Das finden Sie in diesem Blogartikel
Tipp 1: Werden Sie sich über ihre Vorurteile bewusst
Wenn ich ehrlich bin, dann habe ich lange Zeit gedacht: „Ich habe doch keine Vorurteile.“ Schließlich bin ich bi-kulturell aufgewachsen und habe viele Jahre in fremden Kulturen gelebt. Ich halte mich für einen weltoffenen Menschen.
Doch leider hat eine tolerante, offene Haltung wenig mit Vorurteilen/Biases zu tun. Denn Vorurteile sind eine „normale“ Reaktion unseres Gehirns, welches auf Informationen im Unterbewusstsein zurückgreift.
Machen Sie doch mal den Harvard Implicit Association Test (IAT) und lassen Sie sich vom Ergebnis überraschen. Ich mache den Test immer mal wieder und was soll ich sagen … ich bekomme immer wieder das Ergebnis, dass ich Vorurteile habe.
Also … no shame!
Oder schauen Sie sich dieses Video der Royal Society an, um sich über die Auswirkungen von Biases/Vorurteilen klar zu werden.
Das große Ziel ist es also nicht, zum „Homo non Bias“ zu werden, sondern sich darüber bewusster zu werden.
Tipp 2: Reflektieren, wie Sie mit Ihren Studierenden im Kontakt sind
Als Psychologie-Studentin habe ich alle möglichen Softskills Seminare zum Thema Kommunikation besucht. Denn irgendwann wurde mir bewusst, dass „einen guten Kontakt zu anderen Menschen herstellen“ mehr braucht als ein paar psychologische Theorien. Und wenn ich ganz ehrlich sein soll: Ich war früher eine absolute Niete, wenn es um guten Kontakt ging 🙈. Lange Zeit hat mich das sehr traurig gemacht, denn wir Menschen sind ja soziale Wesen, die einen guten Kontakt mit anderen Menschen brauchen. Wie die meisten von uns hatte ich „guten Kontakt“ nicht als Schulfach. Deshalb habe ich mich dann auf eine Forschungsreise begeben, um herauszufinden, wie das geht, mit dem guten Kontakt. Und ich lerne jeden Tag dazu.
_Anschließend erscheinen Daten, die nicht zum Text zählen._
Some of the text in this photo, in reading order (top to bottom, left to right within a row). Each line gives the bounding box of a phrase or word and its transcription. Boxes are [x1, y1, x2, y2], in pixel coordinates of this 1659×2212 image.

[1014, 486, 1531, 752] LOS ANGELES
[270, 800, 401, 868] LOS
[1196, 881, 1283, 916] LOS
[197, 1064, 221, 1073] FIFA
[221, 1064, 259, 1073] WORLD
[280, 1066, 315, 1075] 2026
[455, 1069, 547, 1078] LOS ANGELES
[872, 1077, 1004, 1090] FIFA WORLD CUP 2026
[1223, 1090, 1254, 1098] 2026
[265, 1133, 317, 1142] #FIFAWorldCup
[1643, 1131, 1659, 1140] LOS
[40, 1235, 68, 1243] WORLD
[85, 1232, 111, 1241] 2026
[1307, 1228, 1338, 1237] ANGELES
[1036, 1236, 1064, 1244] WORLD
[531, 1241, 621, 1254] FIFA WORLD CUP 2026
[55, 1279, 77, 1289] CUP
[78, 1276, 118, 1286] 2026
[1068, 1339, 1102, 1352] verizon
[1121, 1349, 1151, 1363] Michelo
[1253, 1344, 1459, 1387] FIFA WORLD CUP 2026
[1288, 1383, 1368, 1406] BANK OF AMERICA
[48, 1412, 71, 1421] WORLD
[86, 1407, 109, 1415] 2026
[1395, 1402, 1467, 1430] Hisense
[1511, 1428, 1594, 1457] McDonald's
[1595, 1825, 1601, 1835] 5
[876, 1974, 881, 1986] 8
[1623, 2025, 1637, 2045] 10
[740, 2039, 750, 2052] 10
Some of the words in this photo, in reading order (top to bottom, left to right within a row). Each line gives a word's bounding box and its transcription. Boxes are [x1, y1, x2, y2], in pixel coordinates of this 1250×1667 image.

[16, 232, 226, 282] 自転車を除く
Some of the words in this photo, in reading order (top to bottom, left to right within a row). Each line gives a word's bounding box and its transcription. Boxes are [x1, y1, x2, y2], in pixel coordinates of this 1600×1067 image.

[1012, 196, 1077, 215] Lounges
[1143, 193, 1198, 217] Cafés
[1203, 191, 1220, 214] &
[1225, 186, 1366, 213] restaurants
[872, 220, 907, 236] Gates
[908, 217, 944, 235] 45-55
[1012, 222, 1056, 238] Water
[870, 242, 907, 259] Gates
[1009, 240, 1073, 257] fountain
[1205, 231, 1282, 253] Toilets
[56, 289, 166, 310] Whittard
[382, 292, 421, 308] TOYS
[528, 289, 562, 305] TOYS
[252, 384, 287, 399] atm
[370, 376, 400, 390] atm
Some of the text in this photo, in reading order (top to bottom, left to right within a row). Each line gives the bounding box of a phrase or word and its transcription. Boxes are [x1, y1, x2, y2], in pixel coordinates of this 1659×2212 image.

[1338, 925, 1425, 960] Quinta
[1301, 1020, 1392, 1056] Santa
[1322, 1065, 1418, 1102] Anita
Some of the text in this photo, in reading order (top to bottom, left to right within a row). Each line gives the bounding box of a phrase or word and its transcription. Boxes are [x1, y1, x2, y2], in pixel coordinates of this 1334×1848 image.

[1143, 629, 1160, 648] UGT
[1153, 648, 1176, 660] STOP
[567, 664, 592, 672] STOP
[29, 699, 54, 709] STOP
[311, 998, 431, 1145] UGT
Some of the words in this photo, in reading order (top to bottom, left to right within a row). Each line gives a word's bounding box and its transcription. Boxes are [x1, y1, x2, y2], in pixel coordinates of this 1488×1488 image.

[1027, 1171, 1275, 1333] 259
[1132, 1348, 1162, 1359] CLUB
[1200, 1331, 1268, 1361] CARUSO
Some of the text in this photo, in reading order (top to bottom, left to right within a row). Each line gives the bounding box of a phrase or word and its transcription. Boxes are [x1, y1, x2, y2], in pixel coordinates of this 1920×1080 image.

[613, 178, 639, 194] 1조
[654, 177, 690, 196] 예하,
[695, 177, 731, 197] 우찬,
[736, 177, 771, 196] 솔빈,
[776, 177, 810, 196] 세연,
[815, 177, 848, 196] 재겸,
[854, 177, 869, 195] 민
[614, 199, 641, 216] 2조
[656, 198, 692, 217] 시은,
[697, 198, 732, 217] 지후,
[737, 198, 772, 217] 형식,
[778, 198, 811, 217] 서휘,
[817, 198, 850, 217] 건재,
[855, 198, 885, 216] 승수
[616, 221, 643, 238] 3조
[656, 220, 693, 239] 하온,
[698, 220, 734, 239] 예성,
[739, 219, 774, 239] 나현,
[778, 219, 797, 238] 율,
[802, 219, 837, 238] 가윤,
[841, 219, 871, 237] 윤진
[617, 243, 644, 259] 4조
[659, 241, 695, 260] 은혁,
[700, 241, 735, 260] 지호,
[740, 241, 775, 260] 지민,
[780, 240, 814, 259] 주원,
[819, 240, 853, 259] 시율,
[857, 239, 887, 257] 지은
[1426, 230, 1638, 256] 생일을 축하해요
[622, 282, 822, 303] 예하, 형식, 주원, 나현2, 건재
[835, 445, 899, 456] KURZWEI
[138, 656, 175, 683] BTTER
In der Lehre ist es wichtig zu erkennen, dass die Art, wie Sie mit Ihren Studierenden im Kontakt sind, immer beeinflusst wird von Ihren unbewussten Vorurteilen. Und zwar ganz unabhängig davon, wie tolerant sie sind. Das hat etwas damit zu tun, wie die „zwei Denksysteme“ (vgl. z. B. Kahnemann, 2012) unseres Gehirns funktionieren.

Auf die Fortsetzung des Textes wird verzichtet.